Eberl served as a deputy to Dr. Werner Heyde in supervising the false causes of death and to establish policies for maintaining subterfuge for T4.

An Austrian, he joined the Nazi Party when he was 21-years-old. At 29, he was one of the first to be shown how the poison gas killing methodology worked. In addition to serving in the inner circle of psychiatric experts, he was given special authority to enter various psychiatric institutions to investigate their attitudes towards, and willingness to work in the euthanasia killing program.

At age 32, he went on to become commandant of the notorious death camp, Treblinka, where, with his T4 experience, he was able to construct the gassing apparatus for killing inmates.

He also organized the transporting of Jewish patients to his killing institution at Brandenburg. In August, 1942 alone, he had 215,000 Jews killed (compared to 18,000 patients killed in just over 18 months when he was a T4 expert).

Escaped Justice:

Carl Schneider, T4 psychiatrist, MEMBER OF THE NAZI PARTY

An Austrian, he became director of the University Clinic in Heidelberg. He joined the Nazi Party in 1932 and became a "leader of German psychiatry," who "took on the mission of preaching National Socialism and offering his own enlightened program of work therapy …"

"Work therapy," sterilization and medical killing were his proffered ways of "helping" patients. He obtained large sums of money for a research institute where he initiated some of his work, using the brains from the euthanasia program.

At the Rhenish Eichberg Institute in the Rhinegau, which conducted one of the euthanasia programs, human experiments with medical drugs were performed on behalf of I. G. Farben, the chemical manufacturer, which provided carbon monoxide for the gas chambers of concentration camps and the pesticide Zyklon B for experiments on Soviet prisoners of war. At this institute, both children and adults were killed on a regular basis until the end of the war. An argument over the brains of these victims erupted between the Eichberg and Heidelberg research departments. Professor Schneider in Heidelberg demanded part of the so-called "material" for his own research.

Executed:

Schneider was a member of the T4 team. He was executed as a result of the Nuremberg Trials.

Professor Hans Heinze: T4 Nazi psychiatrist; headed the pediatric department of a killing Institute, Laender.

Heinze gained prominence in the Reich's "Committee for the Scientific Registration of Hereditary and Inherent Sufferings," the "cover organization for the murder of handicapped children and youth." The committee was affiliated with T4. The only difference was that it was responsible for child euthanasia.

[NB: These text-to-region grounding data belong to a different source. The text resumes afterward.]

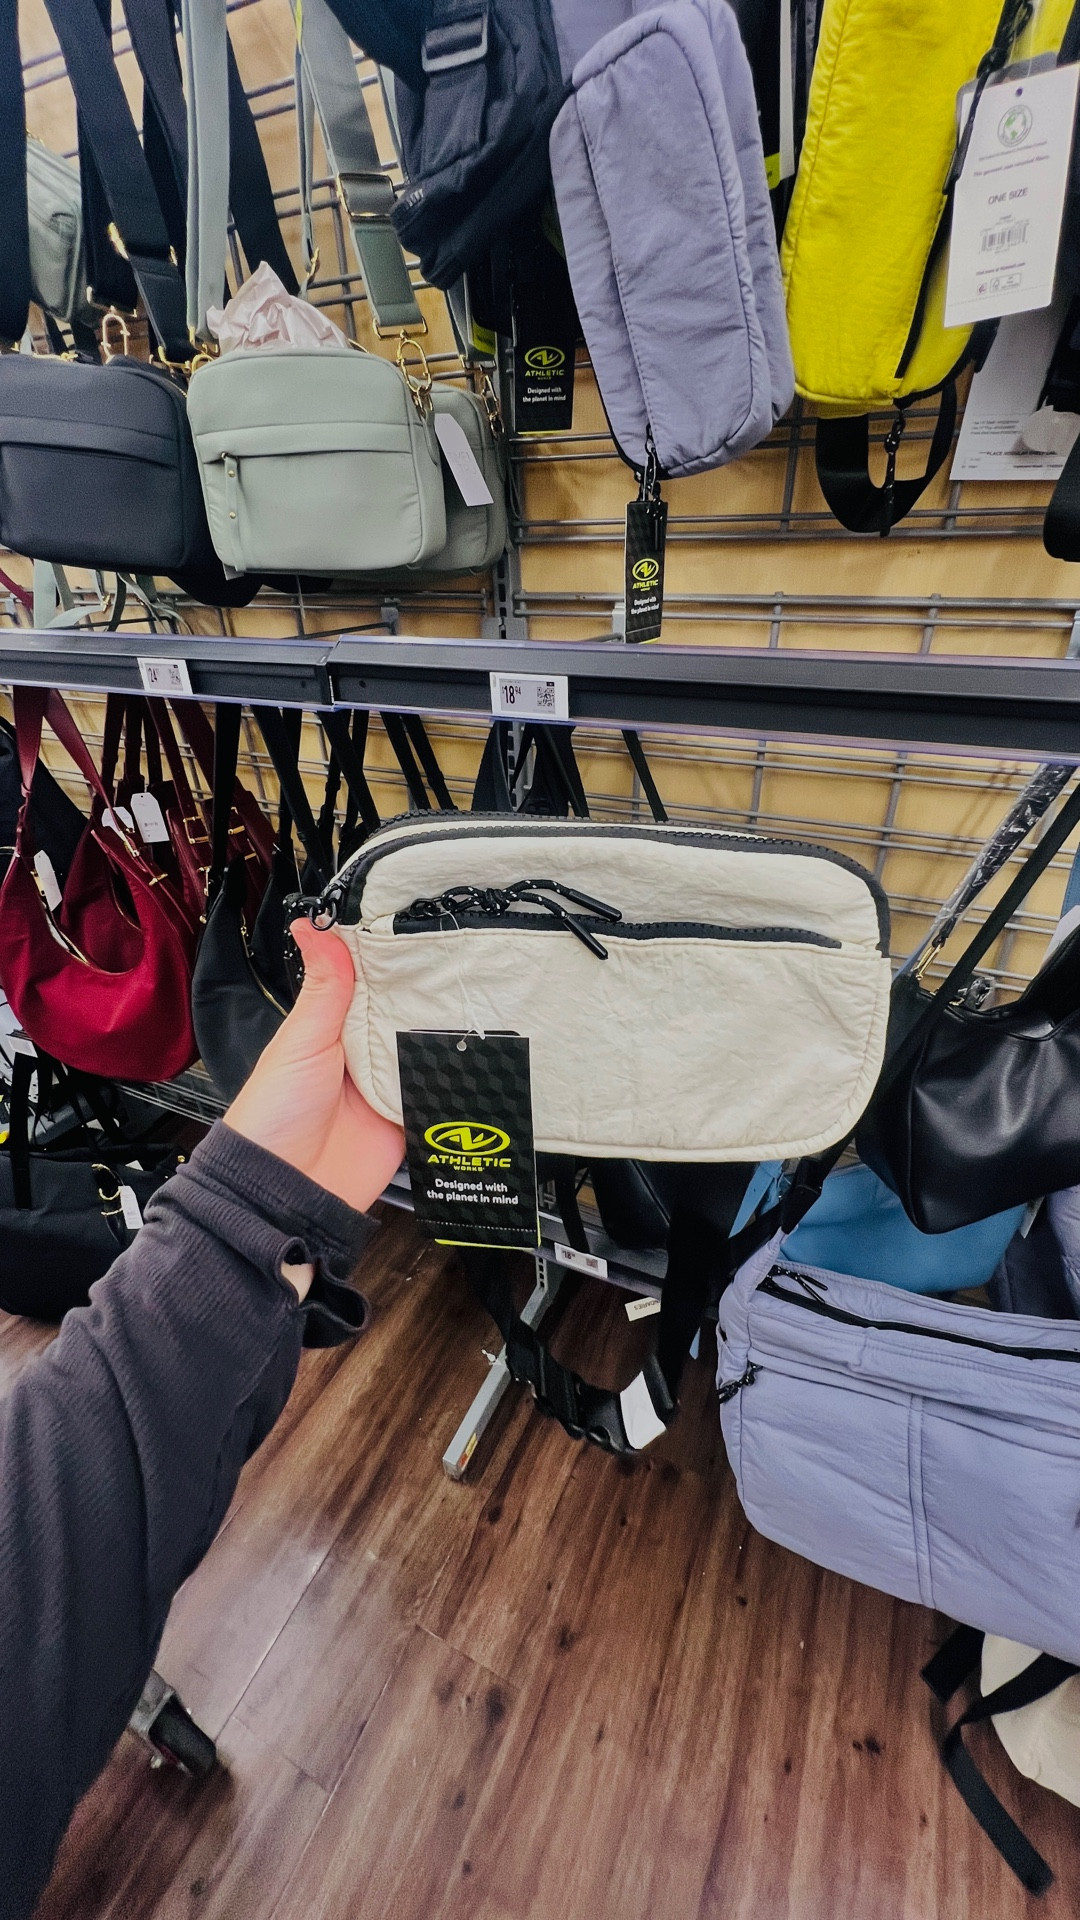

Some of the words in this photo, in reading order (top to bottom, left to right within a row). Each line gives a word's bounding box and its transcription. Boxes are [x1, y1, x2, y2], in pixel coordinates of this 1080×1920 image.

[988, 192, 1007, 205] ONE
[1008, 187, 1028, 200] SIZE
[528, 387, 550, 395] Designed
[427, 1154, 511, 1168] ATHLETIC
[434, 1178, 483, 1192] Designed
[485, 1182, 508, 1193] with
[426, 1189, 444, 1199] the
[445, 1191, 479, 1202] planet
[480, 1193, 491, 1203] in
[492, 1194, 519, 1205] mind

In 1931, while Dr. Heinze was a physician at the children's outpatient department at Leipzig, he collaborated with Paul Schroder on a book called Child Personalities and Their Abnormalities. In the first paragraph of the introduction, they define what they mean by the word "degenerate": It "is not equal to 'sick'. 'Degenerate' also includes the oversized or undersized person, the athlete, the highly talented, the genius. A degenerate in the psychological area is someone who…deviates above and below the average."

Heinze was dedicated to defining, segregating and exterminating certain classes of people, following the dictates of the state economy, Nazi doctrine and the precepts of "racial hygiene psychiatry."

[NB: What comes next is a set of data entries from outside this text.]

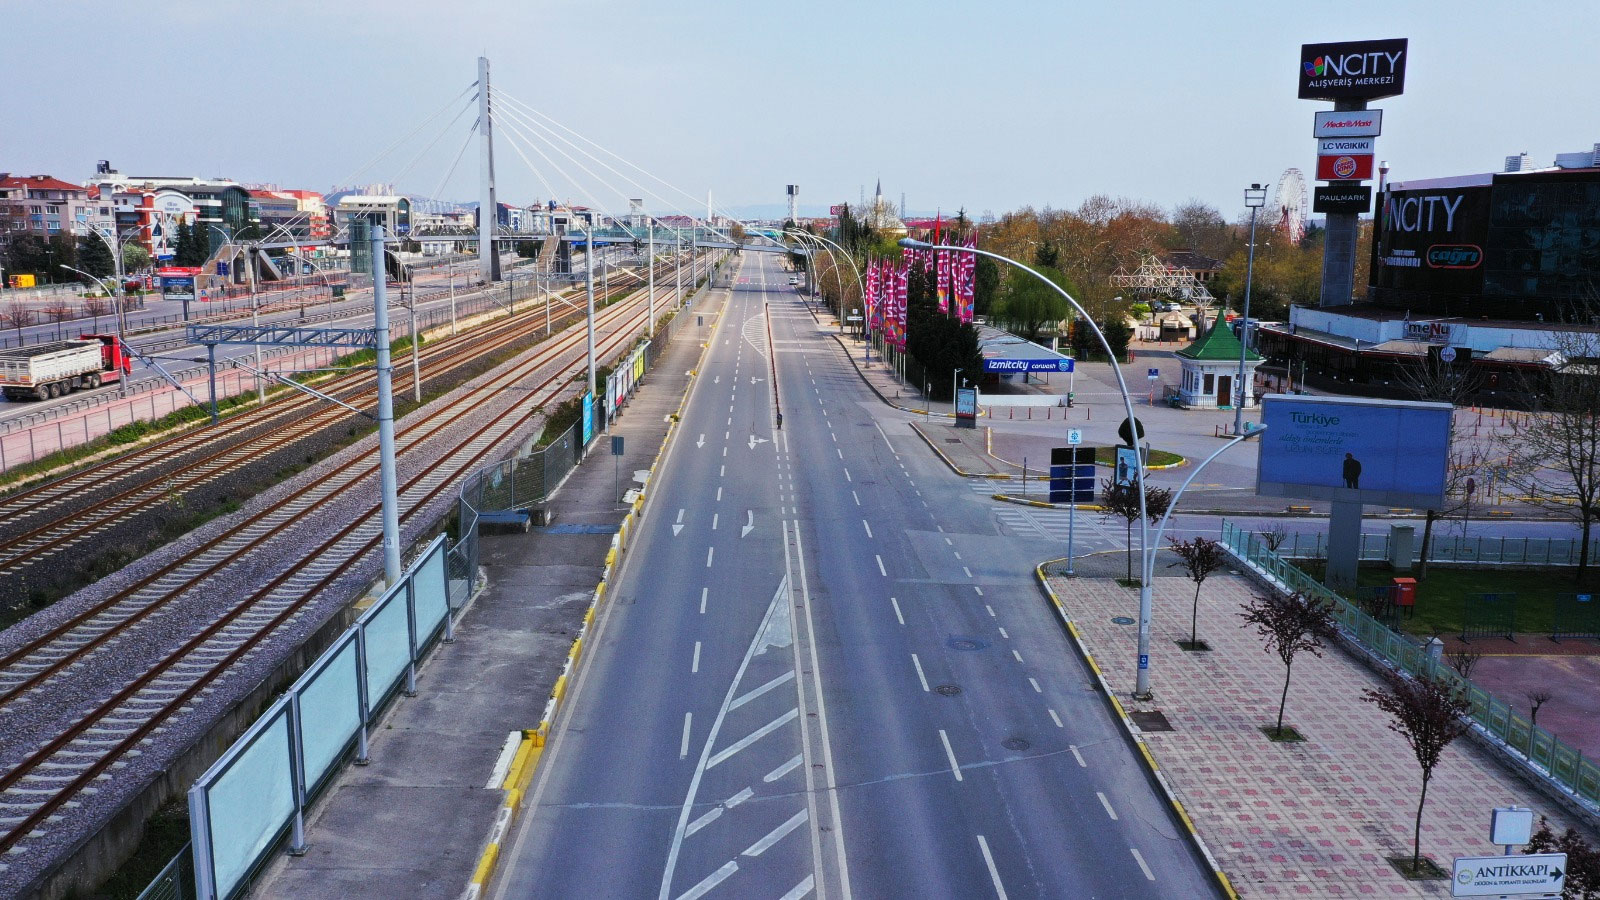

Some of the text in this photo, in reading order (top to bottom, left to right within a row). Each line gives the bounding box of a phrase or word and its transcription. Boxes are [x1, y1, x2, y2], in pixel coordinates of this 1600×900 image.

[1308, 75, 1394, 88] ALIŞVERİŞ MERKEZİ
[1322, 142, 1334, 150] LC
[988, 360, 1029, 371] izmitcity
[1289, 411, 1340, 427] Türkiye
[1475, 864, 1548, 878] ANTİKKAPI
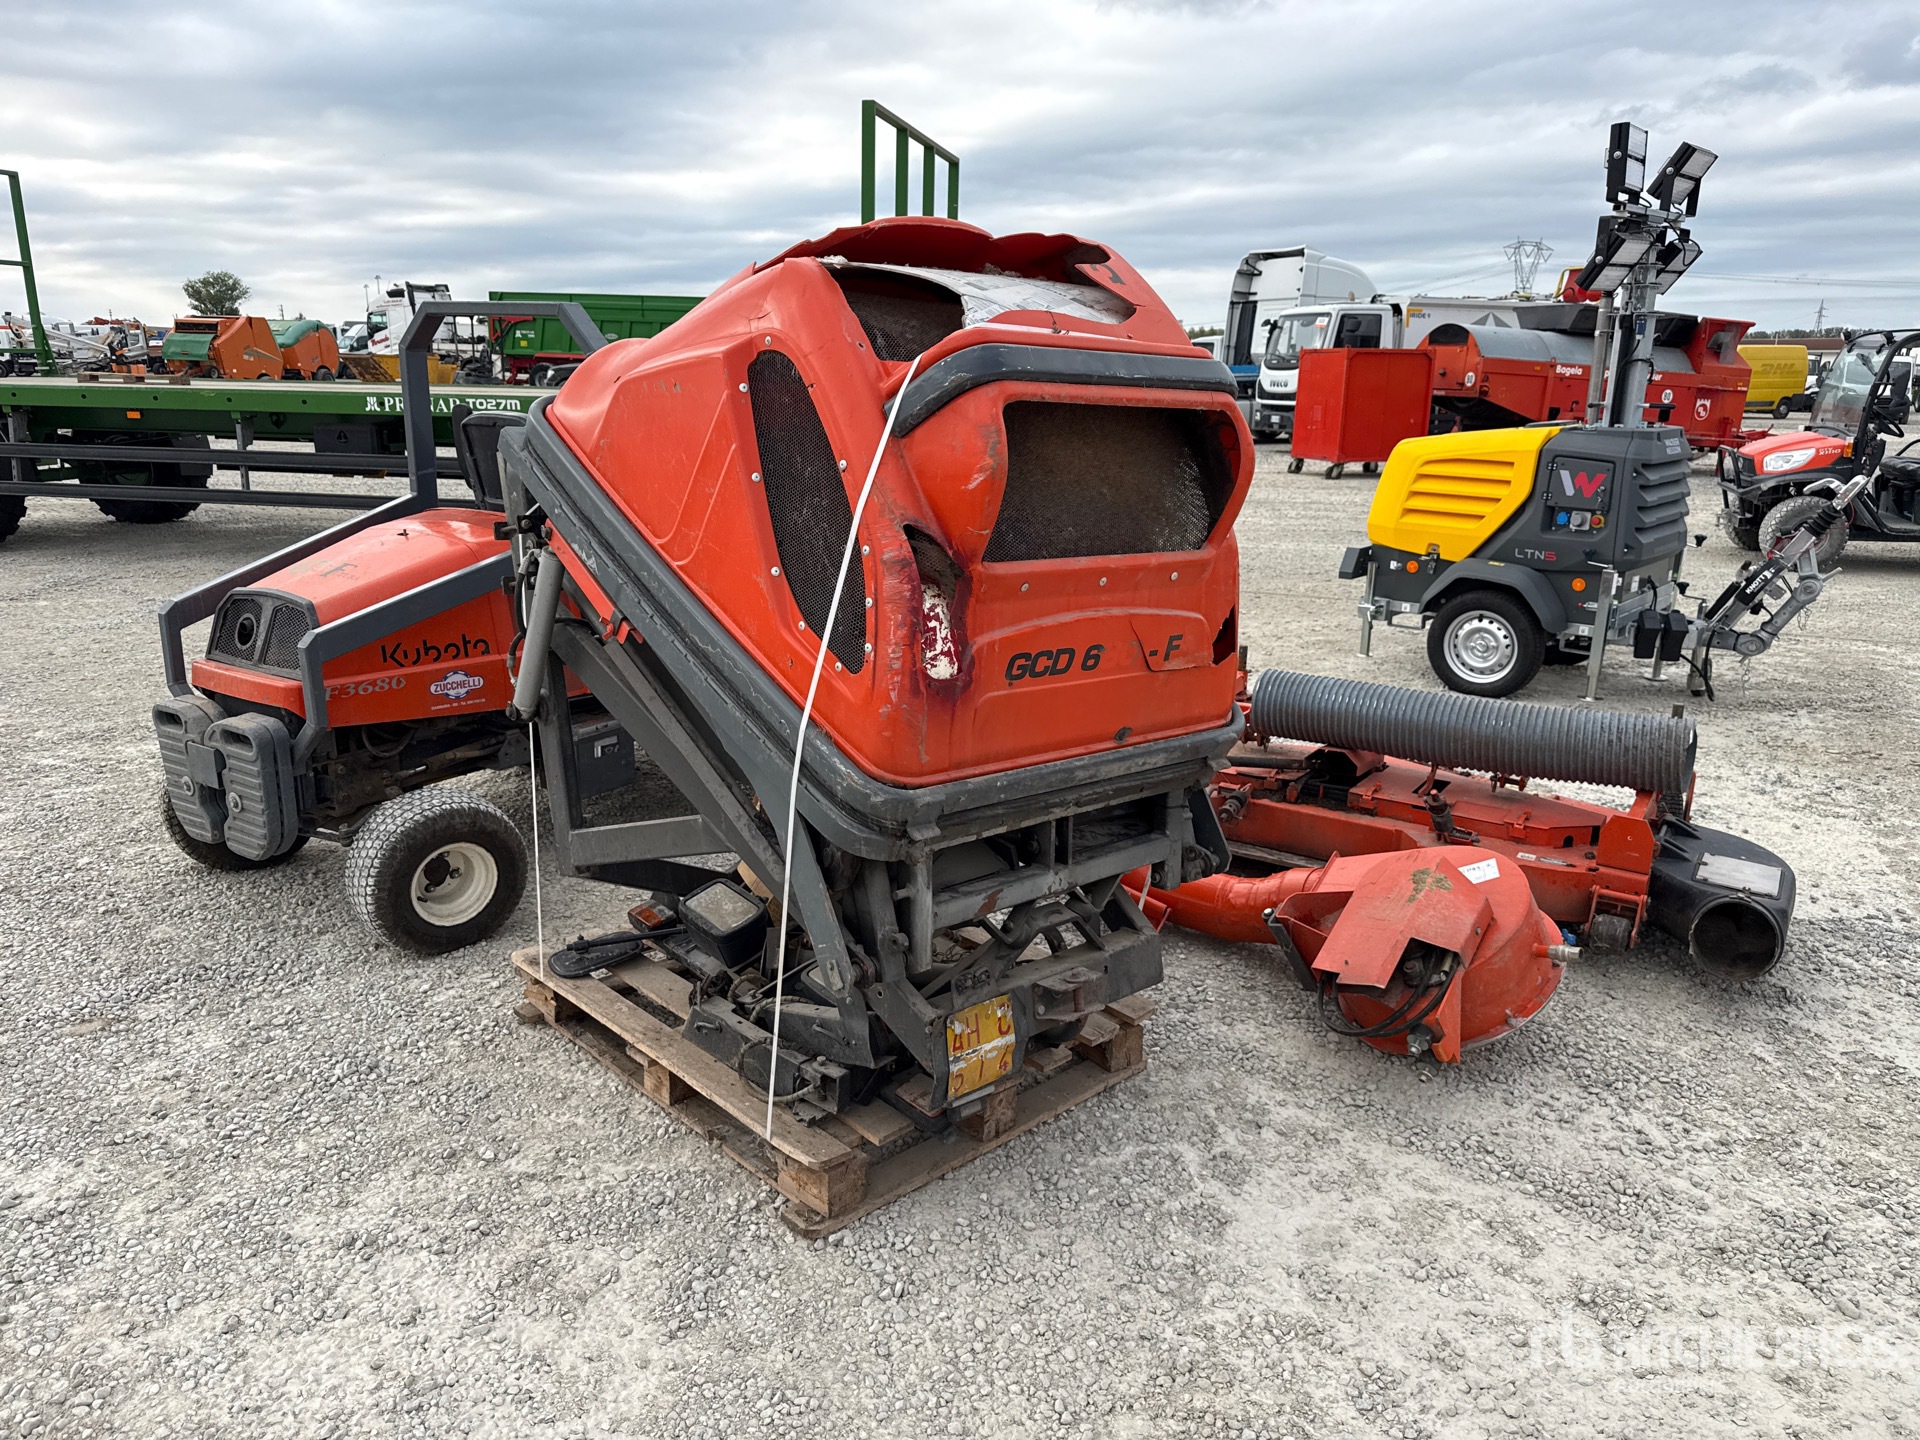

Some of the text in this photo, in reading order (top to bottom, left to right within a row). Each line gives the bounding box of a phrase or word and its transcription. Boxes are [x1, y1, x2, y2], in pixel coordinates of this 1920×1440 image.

[1556, 364, 1583, 376] Bagela
[1270, 380, 1288, 388] IVECO
[1745, 574, 1765, 595] KNOTT
[381, 634, 491, 668] Kubota
[1005, 647, 1076, 681] GCD
[326, 675, 407, 701] F3680
[433, 677, 481, 693] ZUCCHELLI

In 1939, Heinze, a director of the Kaiser Wilhelm Institute (see Max Planck Institute), was bestowed with the unusual honor of a seat on its Board of Trustees of their Brain Research Institute, and it is extremely likely that a child-killing department was installed there.

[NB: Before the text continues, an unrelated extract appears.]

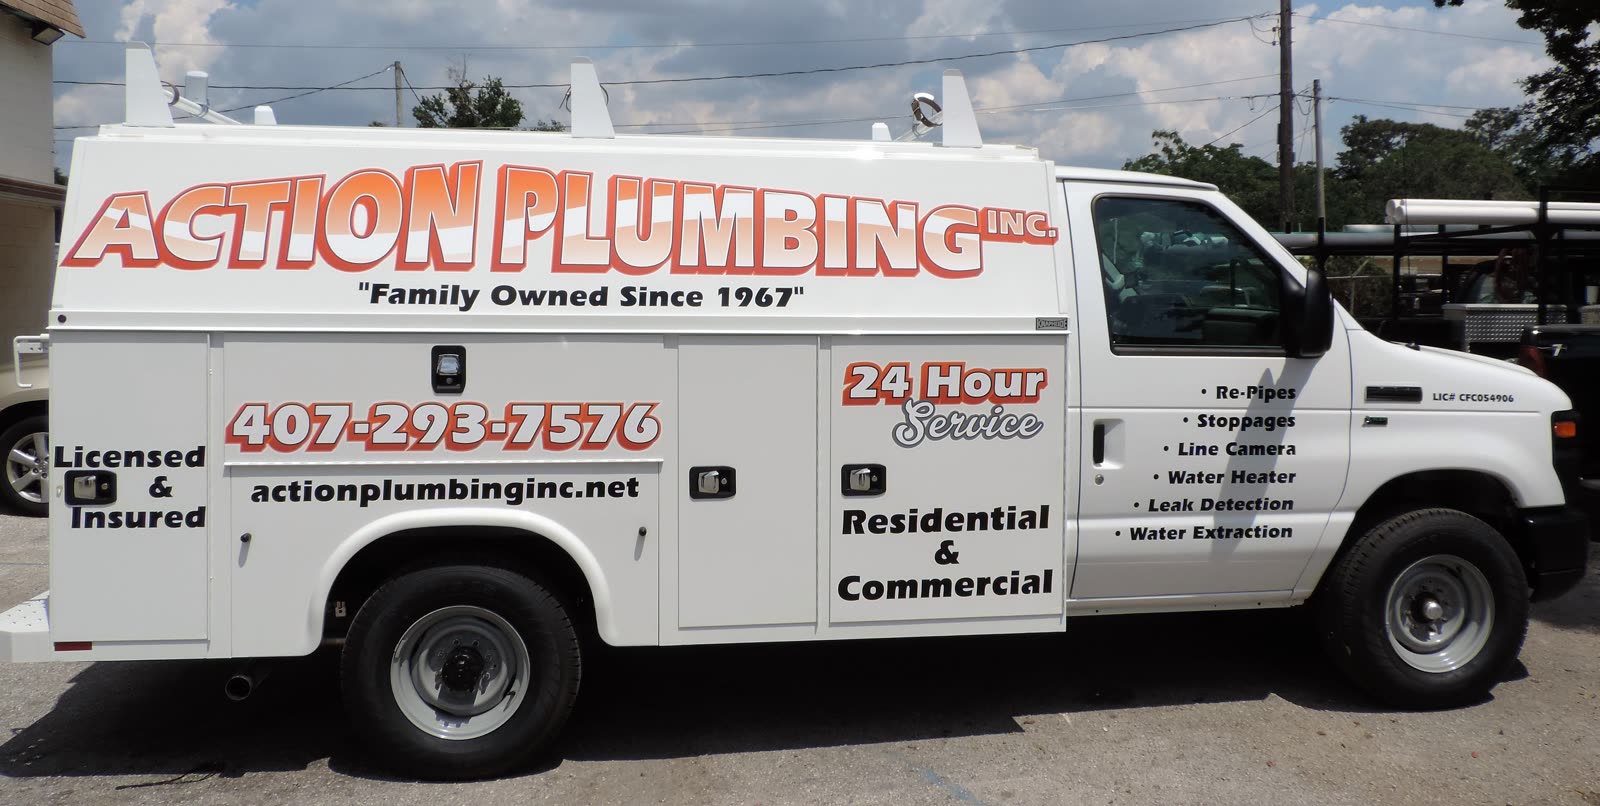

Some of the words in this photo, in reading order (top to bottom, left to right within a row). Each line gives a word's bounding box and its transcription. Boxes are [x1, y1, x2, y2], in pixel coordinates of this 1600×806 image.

By 1940, Leander Institute at Brandenburg-Gorden, where Heize was head of its pediatric department, was functioning as a halfway house for T4 "supply transports." Some of the sanitarium's children were sent to the gas chambers of the former prison at Brandenburg, after which their corpses were dissected for psychiatric research.

The institution was also used as training center for other physicians in charge of killing facilities and was referred to as the "Reich's Schooling Station."

Sentenced to Hard Labor: Then Mentally Unfit to Stand Trial

Heinze was tried and convicted in 1946 by a Russian military tribunal which sentenced him to seven years' hard labor. He served his term in various prisons until 1952, whereupon he returned to Germany, and became an assistant physician at a sanitarium near Munster in Westphalia.

In 1962, a preliminary inquiry into Heinze's wartime activities was begun, but several medical opinions certified him as unfit to be questioned and unable to understand the proceedings. In 1967, he was deemed unfit to stand trial because he was a "mental wreck."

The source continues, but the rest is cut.